Teori uses and gratifications (Blumler & Katz, 1974) bahkan menempatkan audiens sebagai pihak aktif yang mencari informasi untuk meningkatkan kapasitas dirinya. Namun, semua teori ini runtuh ketika media lebih sibuk mencari clicks ketimbang clarity, lebih peduli pada sensasi ketimbang substansi.
Krisis Etika dan Ekonomi di Balik Pemberitaan
Kita hidup di zaman attention economy, di mana perhatian publik adalah komoditas. Di sinilah letak kemerosotan fungsi edukatif media.
Algoritma memaksa redaksi mengejar keterlibatan emosional — bukan kebenaran. Judul dibuat provokatif, diksi dibelokkan, framing disusun untuk menciptakan kubu. Akibatnya, publik tidak diajak berpikir, tetapi diadu keyakinannya.
Media yang seharusnya menjadi “sekolah akal sehat” berubah menjadi “pasar gaduh”.
Fenomena ini kian parah di Indonesia, di mana batas antara jurnalisme dan konten semakin kabur. Banyak media besar tergoda menjadi pengulang narasi media sosial, bukannya penyaringnya.
Tayangan debat politik di layar kaca lebih banyak menampilkan “kompetisi teriak”, bukan “kompetisi gagasan”. Di ruang digital, banyak portal berita berlomba memproduksi “amunisi konflik”, karena konflik menaikkan trafik.

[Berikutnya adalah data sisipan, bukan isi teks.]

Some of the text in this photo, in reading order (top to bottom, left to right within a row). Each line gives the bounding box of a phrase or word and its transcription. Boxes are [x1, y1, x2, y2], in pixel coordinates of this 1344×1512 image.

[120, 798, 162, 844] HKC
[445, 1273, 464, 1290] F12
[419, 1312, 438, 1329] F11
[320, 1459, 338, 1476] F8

Catatan Kritis: Saat Media Kehilangan Misi Kebudayaan
Media yang sehat seharusnya menjadi cermin kebudayaan, bukan senjata politik. Tapi kini, nilai-nilai luhur seperti adab, empati, dan tanggung jawab sosial tersingkir oleh logika kapital digital. Ketika jurnalisme kehilangan kesabaran epistemologisnya — kesabaran untuk menelusuri, memverifikasi, dan menjelaskan — maka yang lahir adalah “fast news, shallow minds.”

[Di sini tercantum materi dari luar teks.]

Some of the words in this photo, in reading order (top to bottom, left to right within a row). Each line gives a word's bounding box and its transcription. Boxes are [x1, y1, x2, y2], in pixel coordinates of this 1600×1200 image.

Inilah paradoks zaman informasi: semakin banyak yang tahu, semakin sedikit yang mengerti. Media seolah tak lagi mendidik, karena ia sendiri tidak mau belajar.
Saatnya Media ‘Bertobat’
Tugas media bukan membuat publik terbelah, melainkan membuatnya tercerahkan. Ia bukan hanya penyampai berita, tetapi juga penata nalar publik. Dalam konteks bangsa yang tengah mencari arah di tengah polarisasi sosial dan krisis kepercayaan, jurnalisme edukatif bukan kemewahan — melainkan keharusan moral.